Stored data entries:
* * * * *
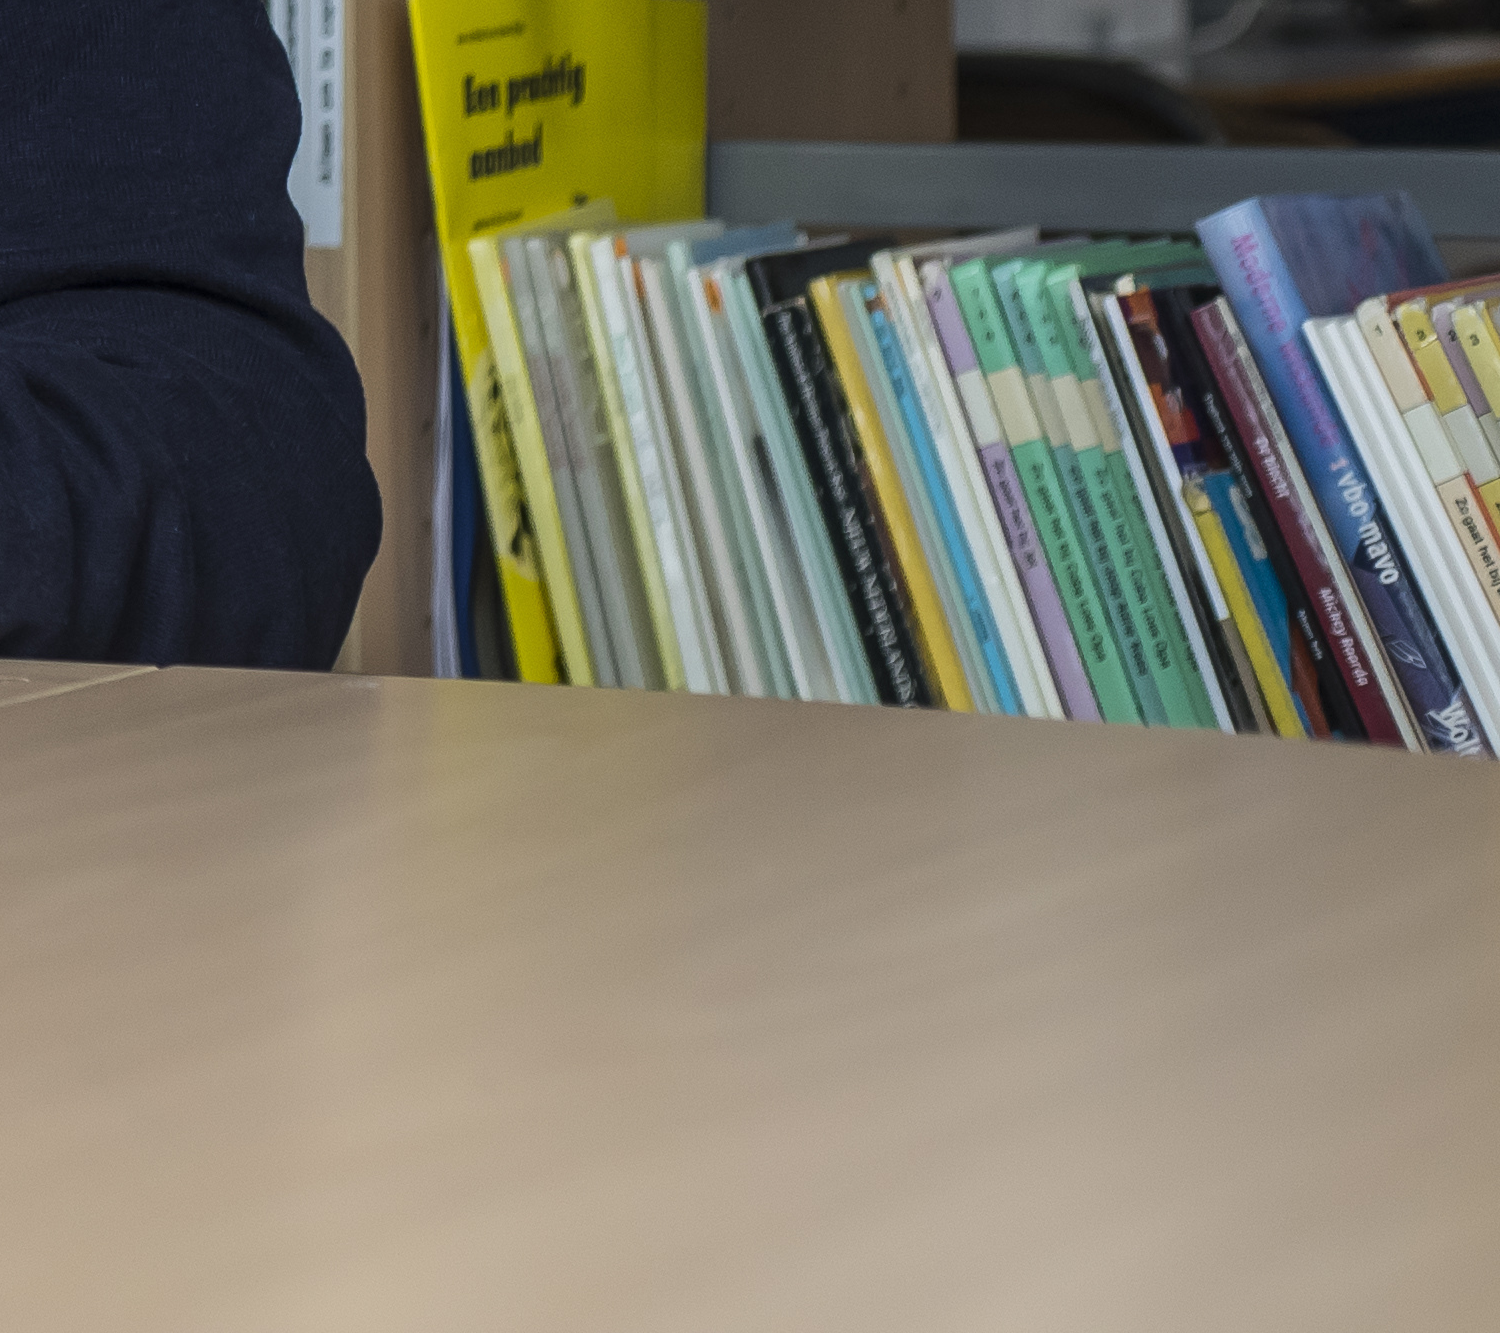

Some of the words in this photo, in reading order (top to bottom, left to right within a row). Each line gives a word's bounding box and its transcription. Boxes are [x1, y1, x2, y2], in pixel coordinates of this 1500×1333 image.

[464, 73, 500, 117] Een
[1334, 468, 1402, 588] vbo-mavo
[1456, 514, 1488, 548] gaat
[1473, 544, 1499, 570] het
* * * * *
§ WORK ITEM:
Pictures aside, return all the entries above exactly.

§ PROBLEM SOLUTION:
Some of the words in this photo, in reading order (top to bottom, left to right within a row). Each line gives a word's bounding box and its transcription. Boxes are [x1, y1, x2, y2], in pixel coordinates of this 1500×1333 image.

[464, 73, 500, 117] Een
[1334, 468, 1402, 588] vbo-mavo
[1456, 514, 1488, 548] gaat
[1473, 544, 1499, 570] het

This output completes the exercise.